North Carolina-based LabCorp has received emergency use authorization from the Food and Drug Administration for a COVID-19 At-Home Test Kit.
The kit allows for patients to take a nasal swab sample for testing.
Patients can get the kit if it's recommended by a healthcare provider after completing a COVID-19 questionnaire. The test hasn't been FDA cleared or approved but LabCorp received an Emergency Use Authorization (EUA) from the FDA to issue the kits. The EUA permits nasal swab specimens to be collected at home using LabCorp's "Pixel" kit.
The kit includes a specific Q-tip-style cotton swab for patients to use to collect their sample.
Initially, the test will be available for healthcare workers and first responders who have symptoms or have been exposed to COVID-19.
Those who want to purchase a kit will have to fill out a survey online to confirm they are eligible.
It will become available to others in the coming weeks.
"For tests that include home sample collection, we worked with LabCorp to ensure the data demonstrated from at-home patient sample collection is as safe and accurate as sample collection at a doctor's office, hospital or other testing site," said FDA Commissioner Stephen M. Hahn, M.D. said. "With this action, there is now a convenient and reliable option for patient sample collection from the comfort and safety of their home."
How does the test work?
If you are eligible for testing, you can buy the test online and complete the checkout process.

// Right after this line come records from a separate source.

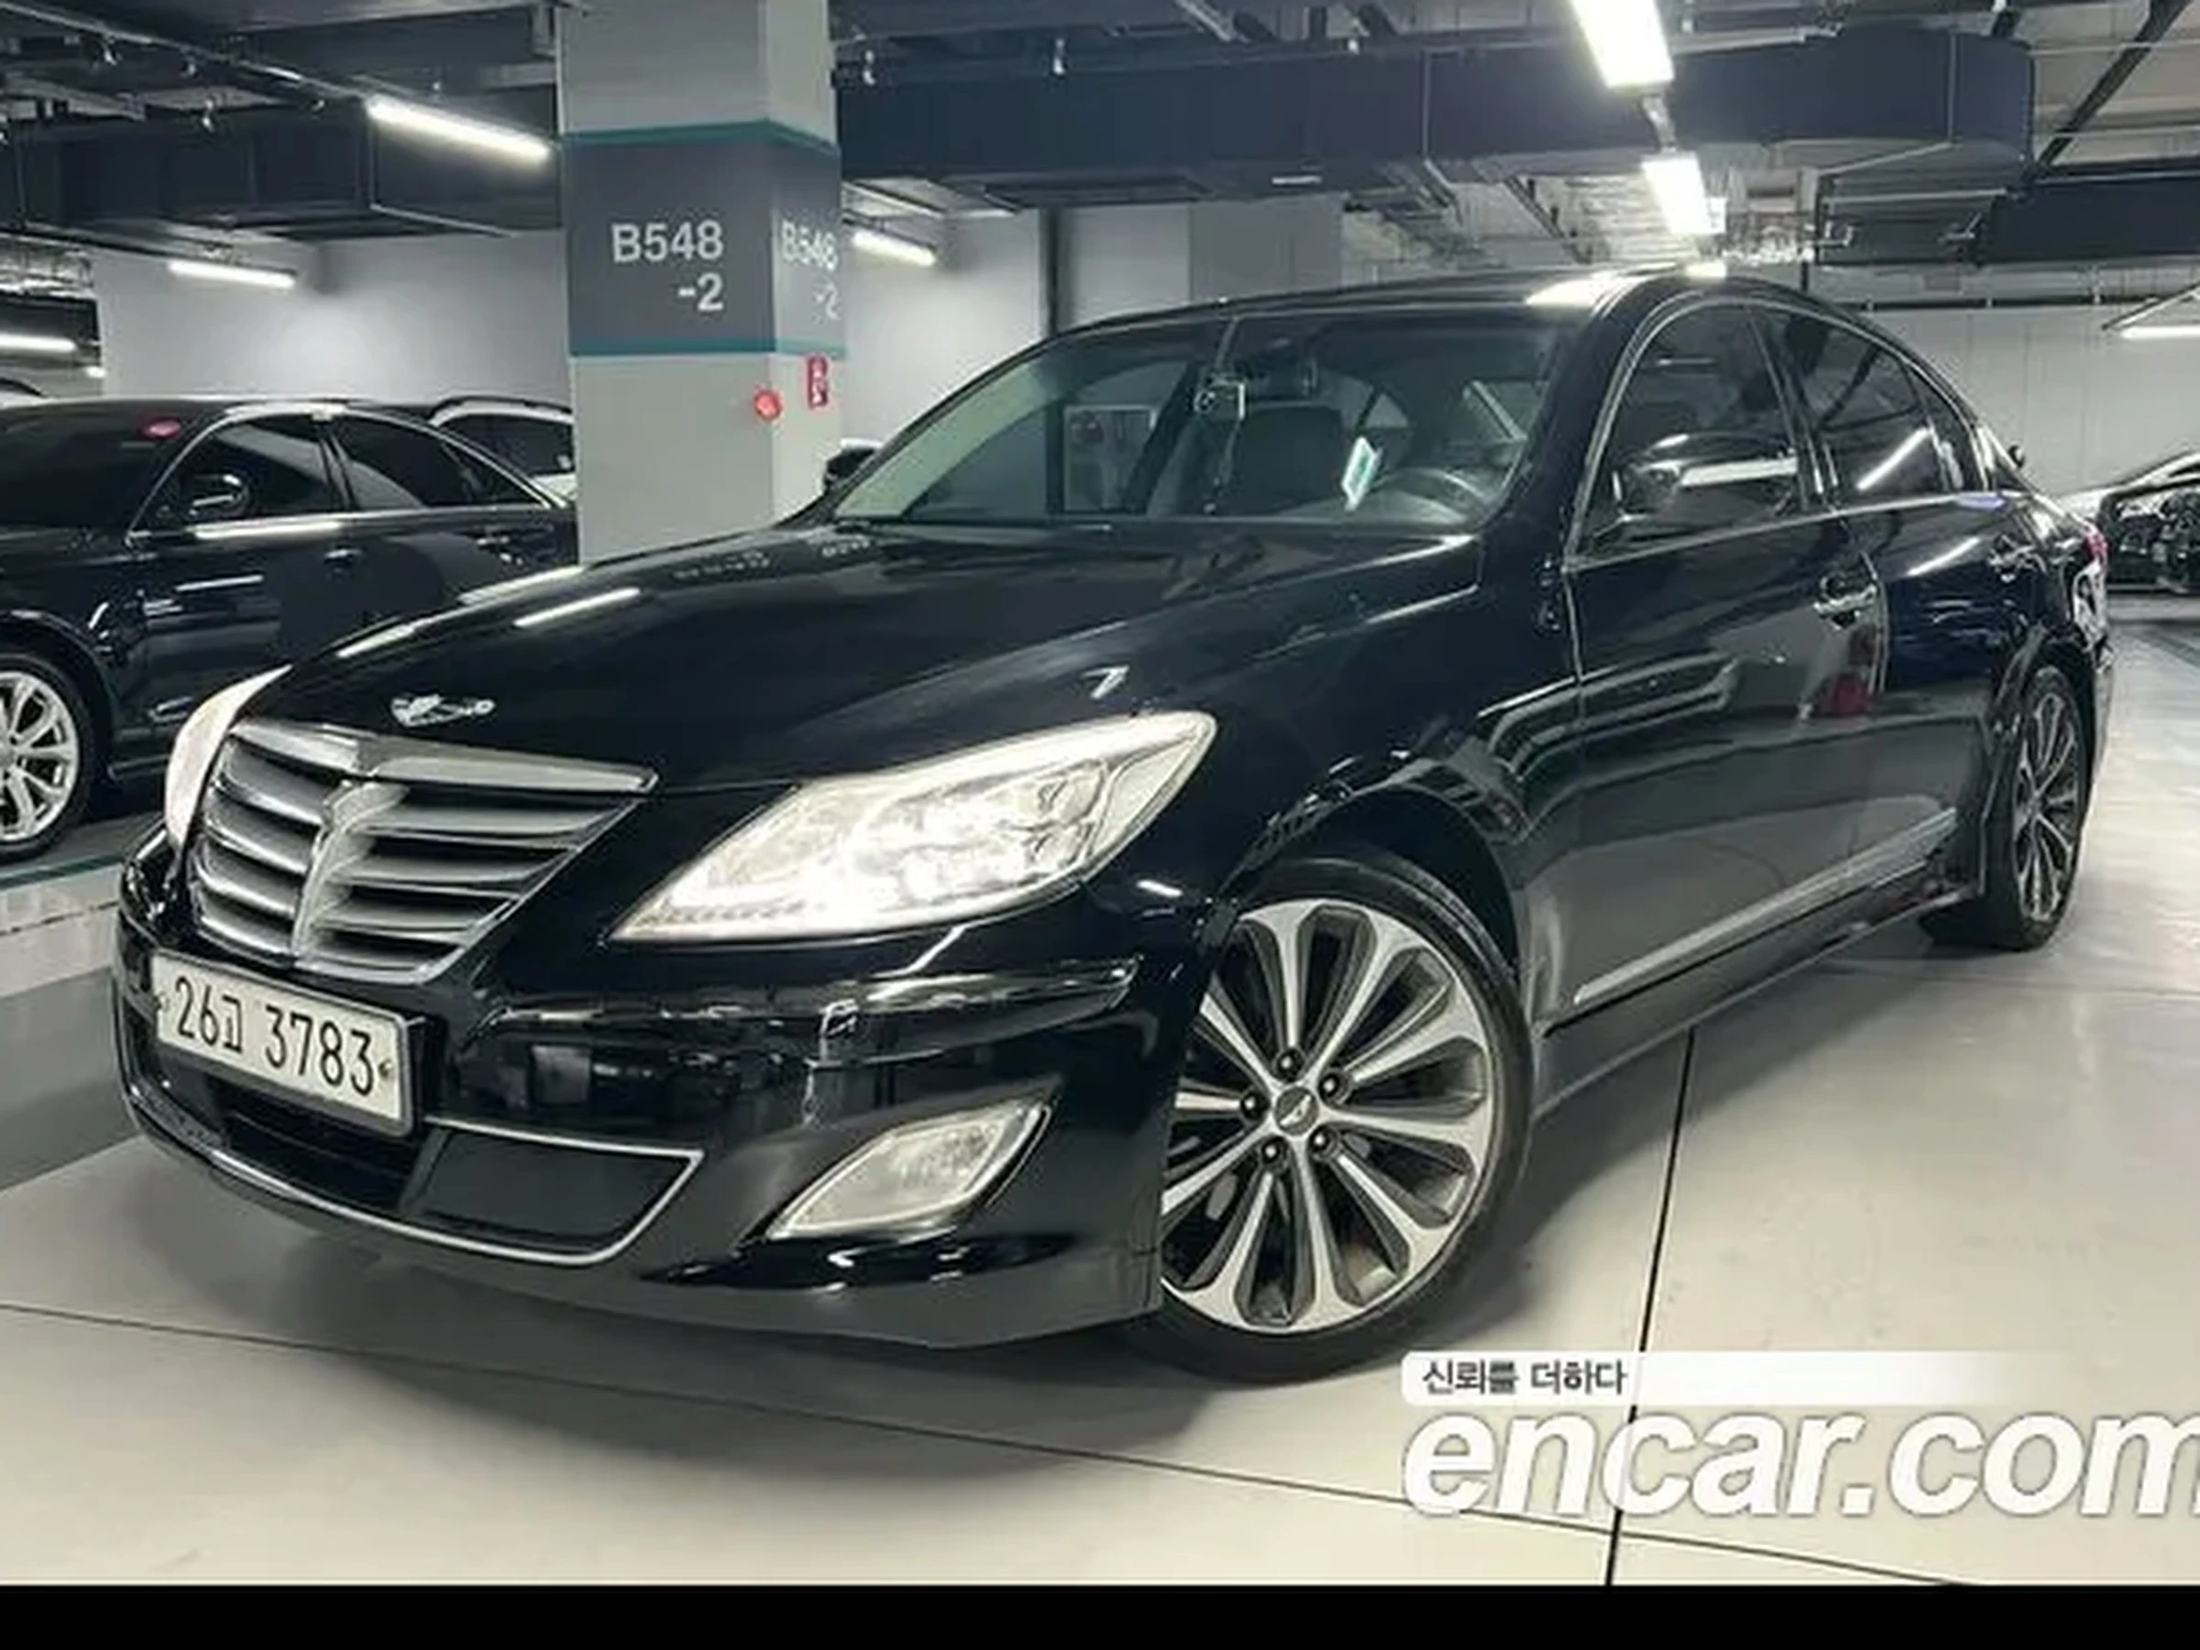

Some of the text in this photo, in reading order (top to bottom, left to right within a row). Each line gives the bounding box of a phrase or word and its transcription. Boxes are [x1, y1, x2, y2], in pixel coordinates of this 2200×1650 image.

[611, 219, 724, 263] B548
[677, 272, 724, 312] -2
[175, 976, 374, 1096] 26고 3783
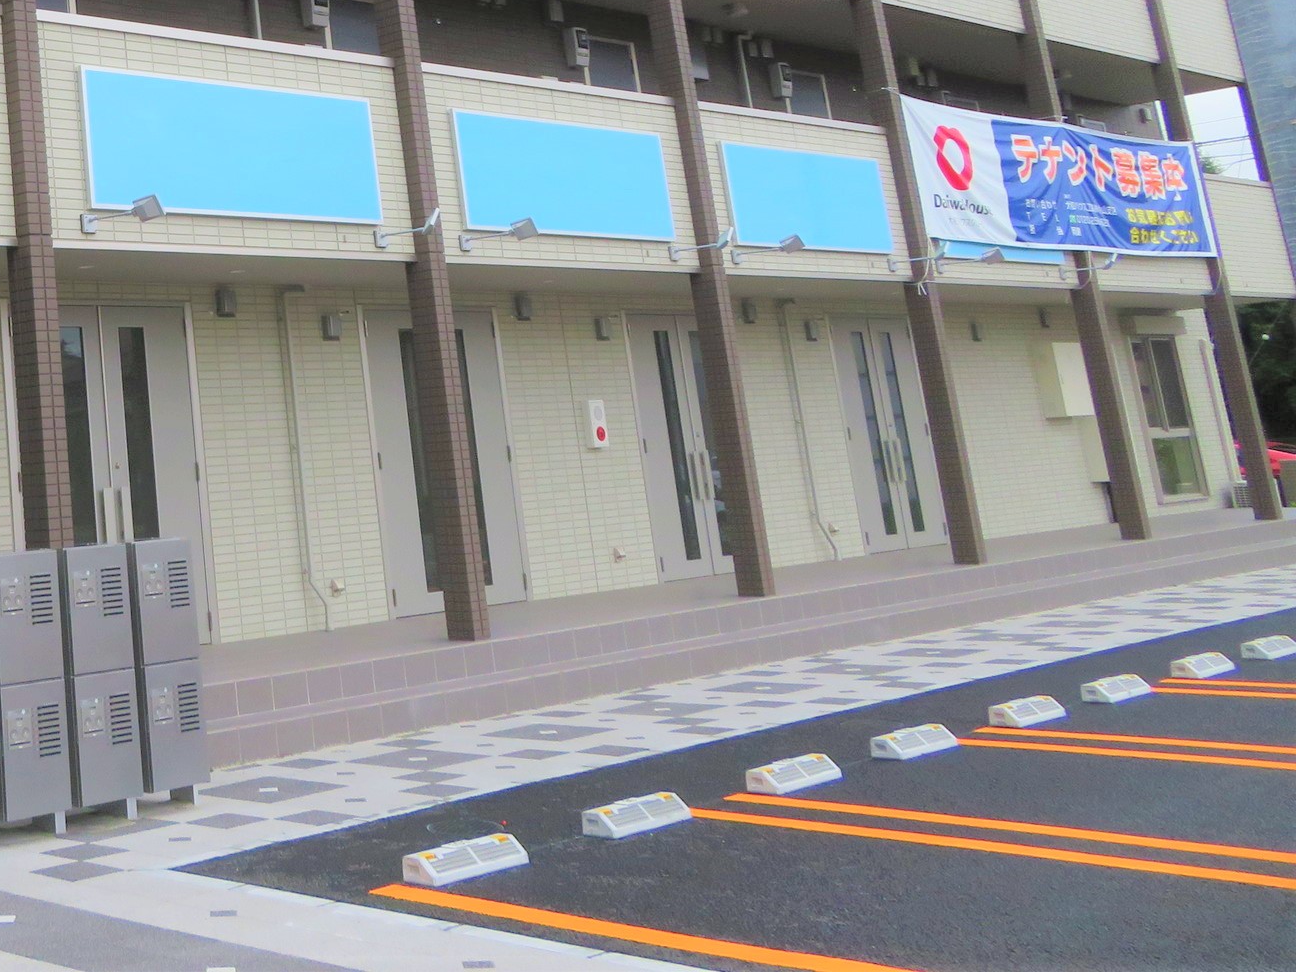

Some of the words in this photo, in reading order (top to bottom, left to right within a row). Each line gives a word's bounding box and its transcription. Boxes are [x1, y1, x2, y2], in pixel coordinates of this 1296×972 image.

[1010, 133, 1188, 201] テナント募集中
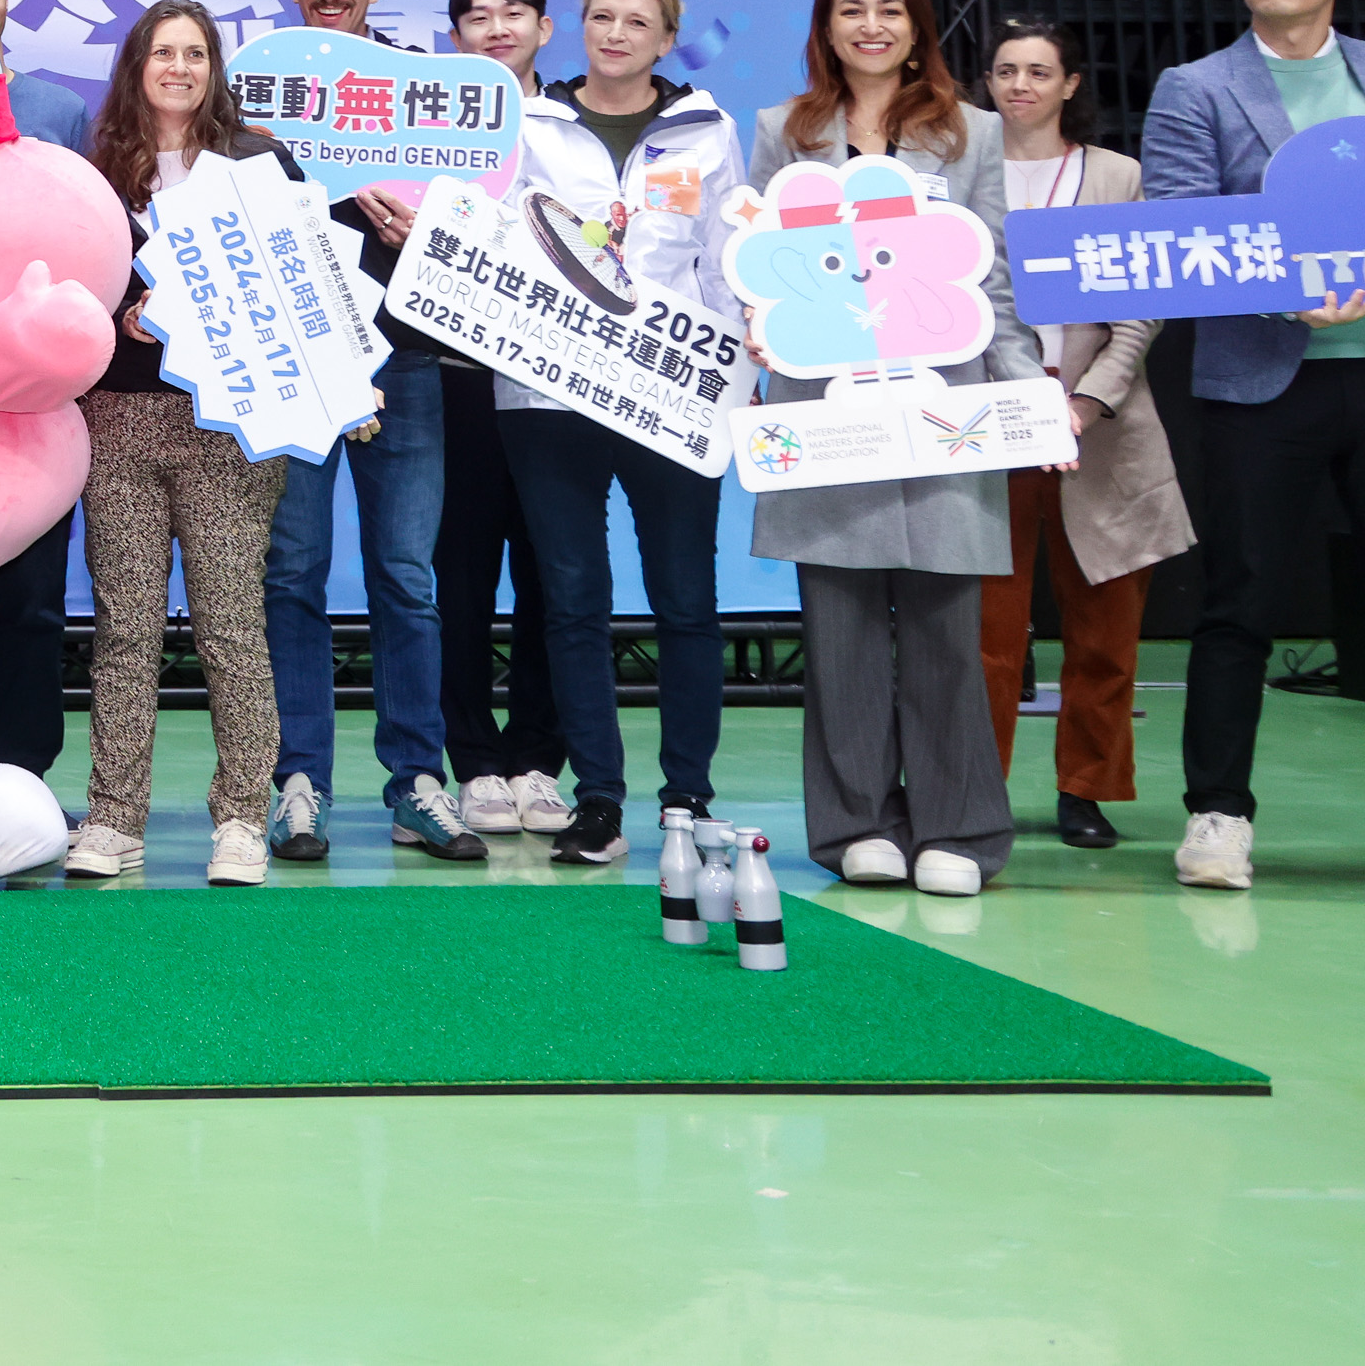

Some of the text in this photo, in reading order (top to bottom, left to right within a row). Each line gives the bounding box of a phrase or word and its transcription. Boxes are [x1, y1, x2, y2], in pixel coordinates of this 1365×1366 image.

LabCorp will send you an email when your kit has shipped and when it has been delivered. The patient must follow the enclosed instructions to register the kit and collect the sample. The patient will then use the included FedEx overnight shipping envelope to return the sample to the LabCorp laboratory. You will receive an email when your results are ready and can be accessed through your Pixel by LabCorp account.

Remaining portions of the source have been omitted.